Terracom (ASX: TER) -5% reported FY22 net profits of $192.5m compared to a -$65.8m loss a year ago
Earlier this month, the coal miner issued a final dividend of 10 cents per share, which represents a yield of roughly 10%
Economy
Australia building permits fell -17.2% in July from -0.6% in June
Consensus expected a decline of just -2.0%
"The decrease in the total number of dwellings approved in July was led by a sharp decline in approvals for private sector dwellings excluding houses, which dropped by 43.5 per cent. This was the lowest level recorded since January 2012 and was driven by a lack of approvals for large apartment developments,” said Daniel Rossi, head of construction statistics at the ABS
Commodities
Iron ore futures on China’s Dalian Commodity Exchange fell -4.3%
"The symposium of iron and steel enterprises in Tangshan last Friday emphasized the importance of reducing steel production capacity by 8.264 million mt in 2022. In this scenario, the market sentiment weakened," according to the Shanghai Metals Market
"On the demand side, it is expected that steel mills will resume the production this week, and the average daily output of pig iron may increase slightly. Therefore, steel mills still have demand for iron ore," the report added
S&P/ASX 200: The market found strength at a key inflection level and managed to defend Monday’s lows. Interestingly, 17 out of the top 20 companies by market cap were green. BHP (ASX: BHP), Rio Tinto (ASX: RIO) and CSL (ASX: CSL) were the only red ones.
The Good: The ASX 200 is starting to form a range between 7,135 and 6,960.
The Bad: Volatility is starting to pick up (VIX at a 6 week high). Market rallied on hopes of a Fed pivot, so what happens now that Powell has quashed those views?
S&P/ASX 200 Energy Index: Rallying off of higher energy prices and a better-than-expected half-year profit result from Woodside. It's worth noting the index faded from session highs of 3.1%.
Stocks
Lithium holding up: Lithium names are refusing to fall, perhaps reflecting some of the near-term drivers for the industry. "In the short-term, continued robust electric vehicle demand globally and record-breaking heat and drought in the southwest of China are the key drivers for the market,” said Benchmark Minerals Intelligence last Thursday. Mineral Resources (ASX: MIN) rallies on earnings to a fresh all-time high. Allkem (ASX: AKE) is sitting near record highs. Pilbara Minerals (ASX: PLS) rallied ~3% and ~8% away from January highs. It goes to show where the money is going. The small-to-mid cap end of town has been relatively muted as, more broadly speaking, stocks pull into key moving averages and price levels.

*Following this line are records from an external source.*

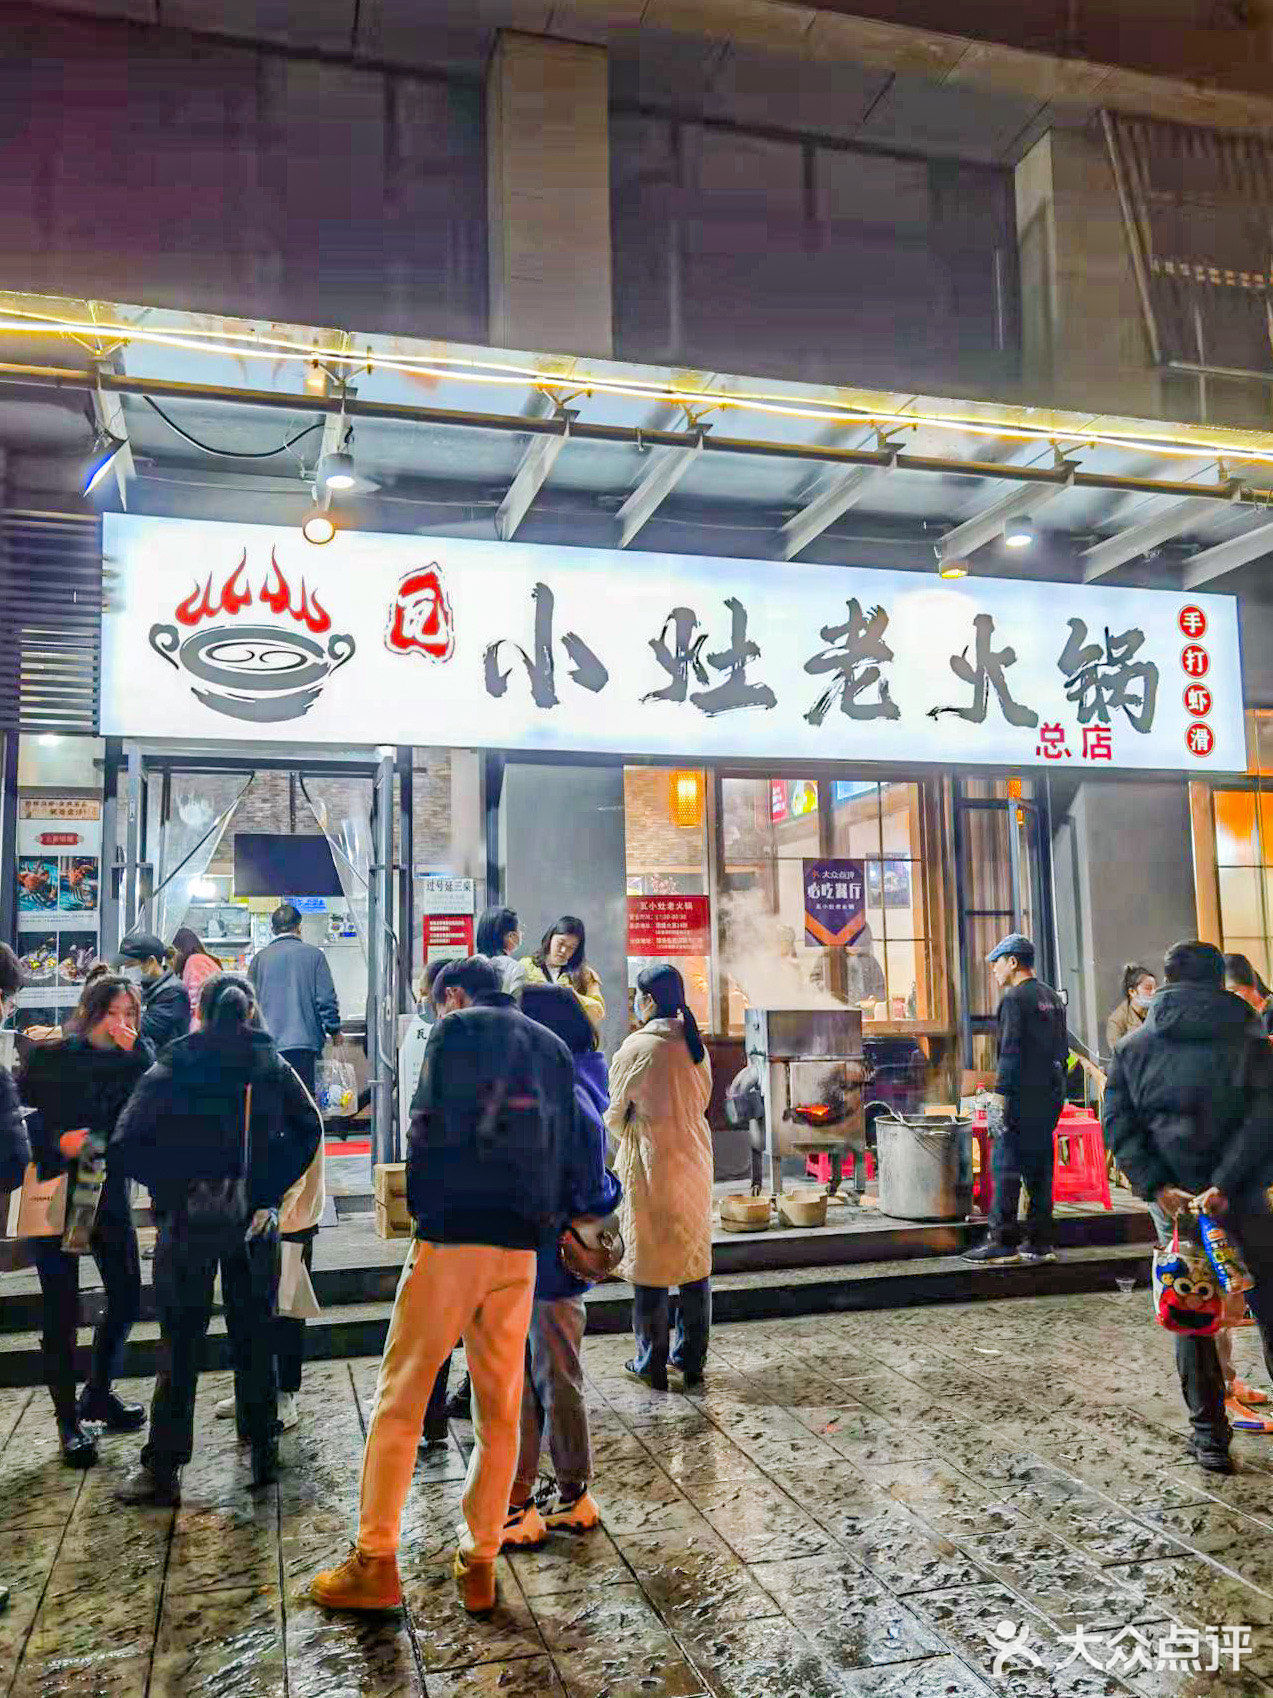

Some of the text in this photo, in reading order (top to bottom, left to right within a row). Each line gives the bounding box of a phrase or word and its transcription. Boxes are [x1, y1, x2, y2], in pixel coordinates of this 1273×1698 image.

[1182, 609, 1212, 754] 手打虾滑
[1036, 723, 1112, 760] 总店
[807, 882, 862, 900] 必吃餐厅
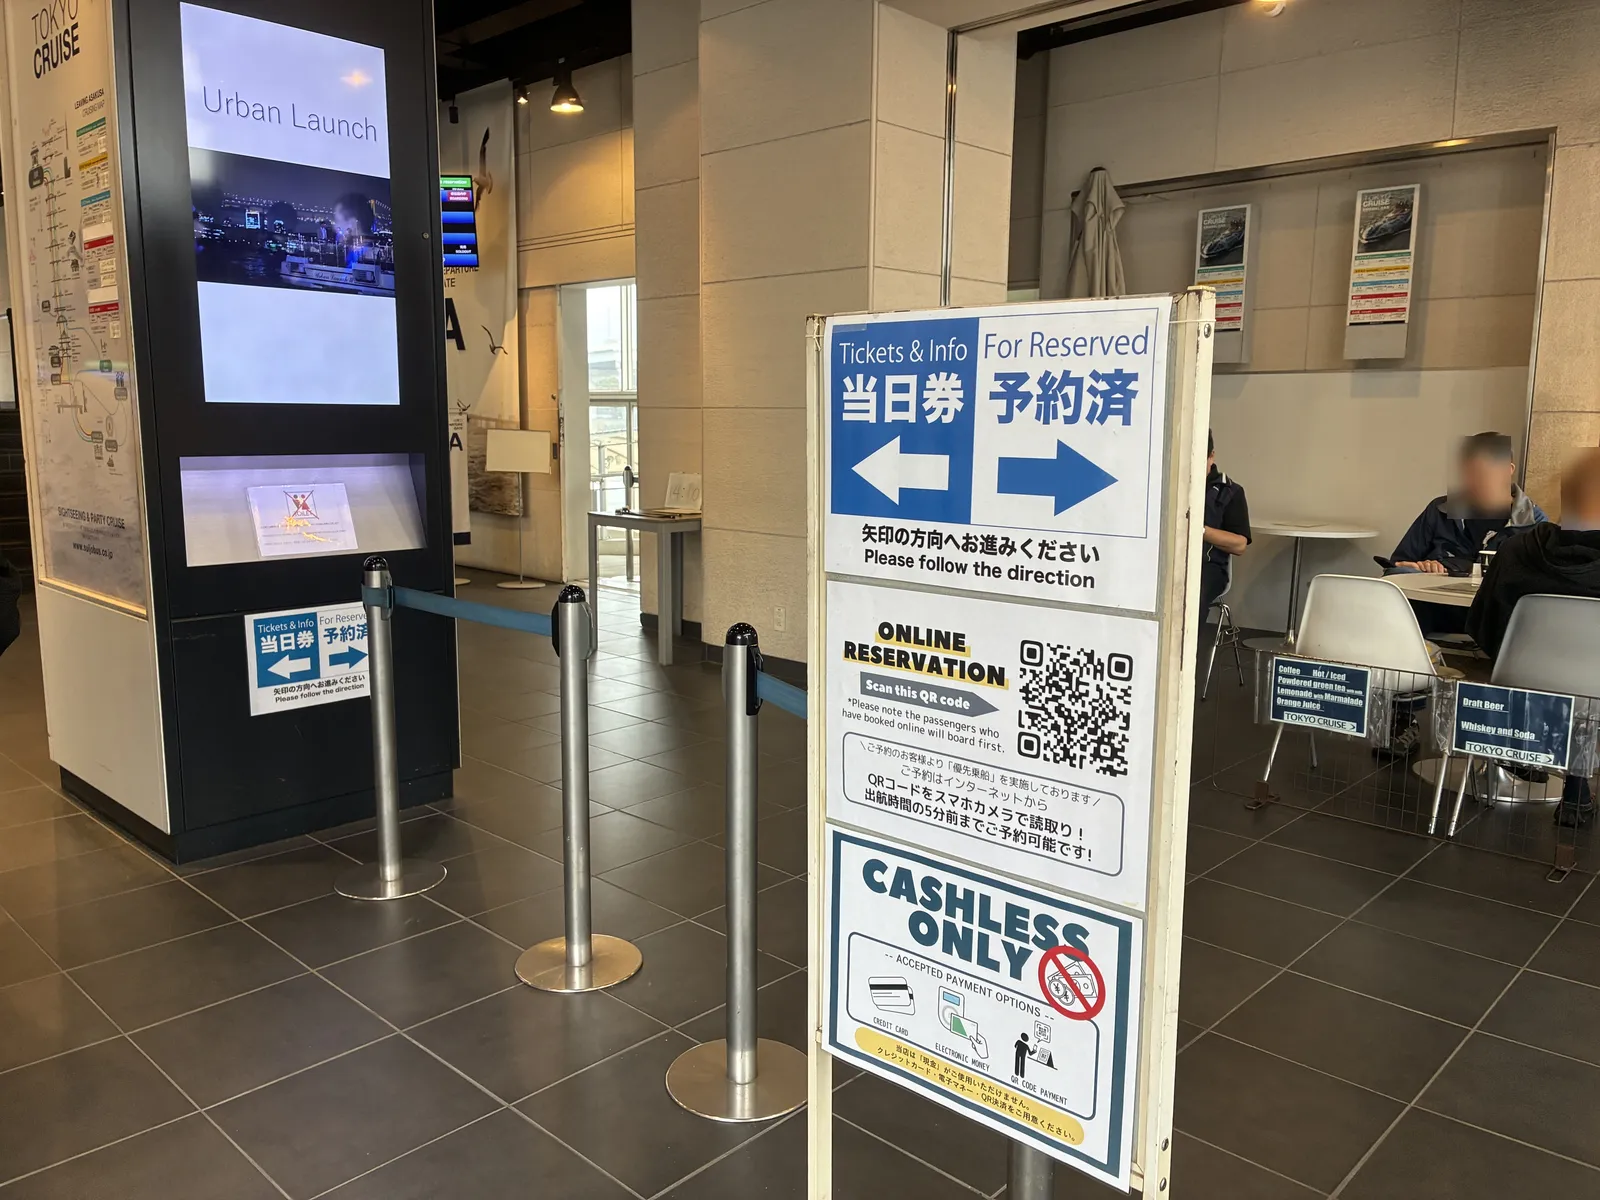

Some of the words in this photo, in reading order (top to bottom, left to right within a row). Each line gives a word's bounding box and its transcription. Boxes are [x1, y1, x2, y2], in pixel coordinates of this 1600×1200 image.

[31, 0, 79, 45] TOKYO
[33, 22, 80, 79] CRUISE
[203, 85, 281, 124] Urban
[291, 103, 377, 142] Launch
[444, 297, 466, 351] A
[839, 341, 904, 365] Tickets
[909, 338, 924, 363] &
[929, 336, 968, 362] Info
[984, 332, 1023, 360] For
[1029, 325, 1149, 358] Reserved
[841, 371, 965, 424] 当日券
[989, 368, 1139, 427] 予約済
[449, 432, 463, 452] A
[57, 506, 86, 521] SIGHTSEEING
[90, 512, 106, 526] PARTY
[106, 515, 126, 530] CRUISE
[861, 523, 1101, 564] 矢印の方向へお進みください
[864, 548, 915, 569] Please
[918, 553, 968, 576] follow
[972, 560, 1002, 579] the
[1006, 563, 1096, 589] direction
[257, 622, 288, 634] Tickets
[289, 621, 296, 630] &
[297, 618, 315, 629] Info
[319, 615, 334, 625] For
[323, 622, 368, 645] 予約済
[260, 630, 315, 654] 当日券
[877, 621, 966, 653] ONLINE
[843, 640, 1006, 687] RESERVATION
[1278, 664, 1301, 675] Coffee
[1312, 669, 1325, 677] Hot
[1330, 671, 1346, 681] Iced
[273, 674, 366, 696] 矢印の方向へお進みください
[275, 693, 299, 703] Please
[300, 690, 321, 699] follow
[322, 687, 334, 695] the
[335, 683, 365, 693] direction
[865, 679, 893, 695] Scan
[894, 685, 918, 699] this
[919, 689, 938, 704] QR
[939, 693, 971, 710] code
[1277, 675, 1312, 687] Powdered
[1312, 680, 1334, 690] green
[1334, 683, 1346, 691] tea
[1277, 686, 1313, 698] Lemonade
[1324, 692, 1363, 707] Marmalade
[1276, 696, 1302, 708] Orange
[1302, 700, 1321, 710] Juice
[1462, 697, 1484, 708] Draft
[1484, 700, 1505, 711] Beer
[842, 708, 862, 721] have
[864, 713, 895, 728] booked
[897, 721, 925, 735] online
[927, 728, 945, 739] will
[947, 729, 975, 746] board
[978, 737, 1005, 754] first.
[881, 704, 903, 718] note
[905, 709, 921, 721] the
[923, 715, 976, 734] passengers
[979, 725, 1000, 739] who
[1285, 712, 1316, 724] TOKYO
[1317, 717, 1347, 730] CRUISE
[1461, 720, 1497, 734] Whiskey
[1497, 726, 1513, 737] and
[1514, 728, 1536, 740] Soda
[1467, 742, 1504, 756] TOKYO
[1505, 748, 1541, 762] CRUISE
[900, 764, 1048, 812] ご予約はインターネットから
[862, 858, 1091, 962] CASHLESS
[908, 910, 1033, 982] ONLY
[896, 954, 943, 980] ACCEPTED
[946, 973, 994, 998] PAYMENT
[996, 991, 1041, 1018] OPTIONS
[873, 1016, 893, 1031] CREDIT
[895, 1024, 909, 1037] CARD
[935, 1042, 969, 1064] ELECTRONIC
[971, 1056, 991, 1072] MONEY
[1010, 1075, 1019, 1085] QR
[1021, 1080, 1037, 1093] CODE
[1040, 1087, 1068, 1106] PAYMENT

Uranium diverging performances: Most uranium stocks were up 10-20% in early trade after Belgium extended the operating timeline of two of its nuclear power plants by 11 years. More advanced U names like Paladin Energy (ASX: PDN) and Boss Energy (ASX: BOE) were rather choppy and faded from intraday highs. Whereas a few small cap and spec names like Alligator Energy (ASX: AGE), Aura Energy (ASX: AEE) and 92 Energy (ASX: 92E) are rallying out of recent trading ranges and pushing 4-5 month highs.

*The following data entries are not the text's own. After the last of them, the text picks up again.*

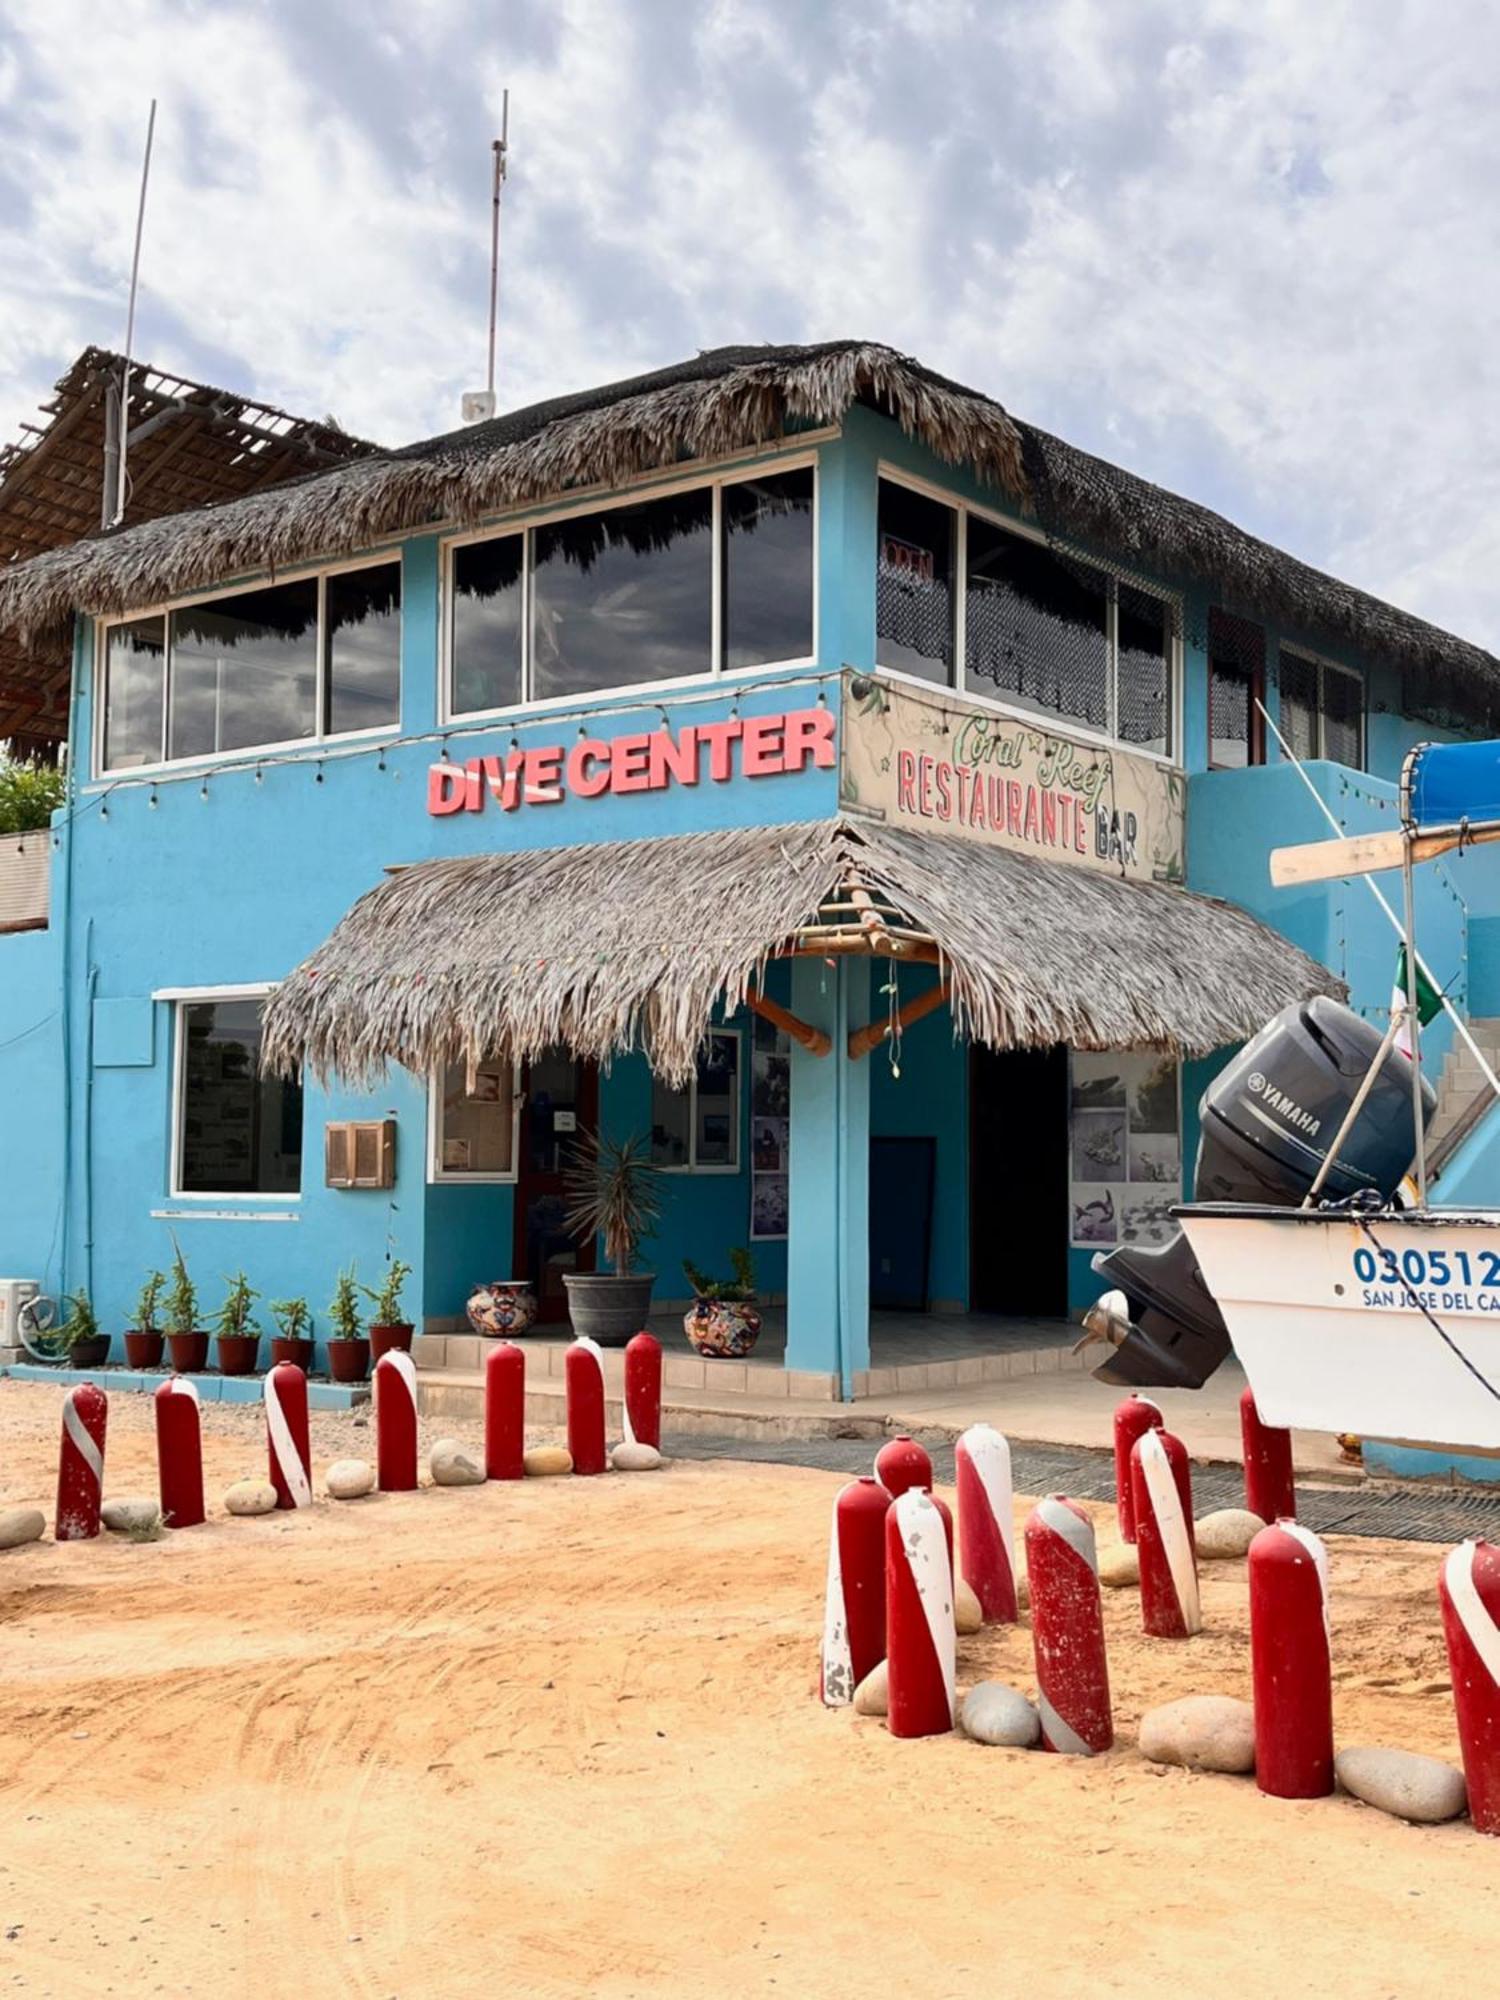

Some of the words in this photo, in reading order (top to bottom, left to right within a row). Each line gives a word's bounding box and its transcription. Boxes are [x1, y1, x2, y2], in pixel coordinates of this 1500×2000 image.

[427, 746, 565, 816] DIVE
[566, 708, 837, 798] CENTER
[953, 709, 1025, 768] Coral
[1038, 739, 1113, 815] Reef
[898, 749, 1088, 854] RESTAURANTE
[1095, 802, 1138, 866] BAR
[1261, 1083, 1321, 1137] YAMAHA
[1353, 1247, 1500, 1287] 030512
[1363, 1289, 1395, 1306] SAN
[1400, 1291, 1438, 1308] JOSE
[1442, 1293, 1473, 1310] DEL

QT Reminder: Fed’s quantitative tightening run rate is set to double, up to US$95bn a month starting this Thursday as part of its broader plan to reduce its outsized US$9tn portfolio, according to Bloomberg.
Markets vs. bonds on interest rates: Markets started to form a view that the Fed will hike into early 2023 and potentially start cutting rates in second half. But if you look at the ASX interbank cash futures, rates are expected to peak around 4.0% wit no rate cuts in 2024.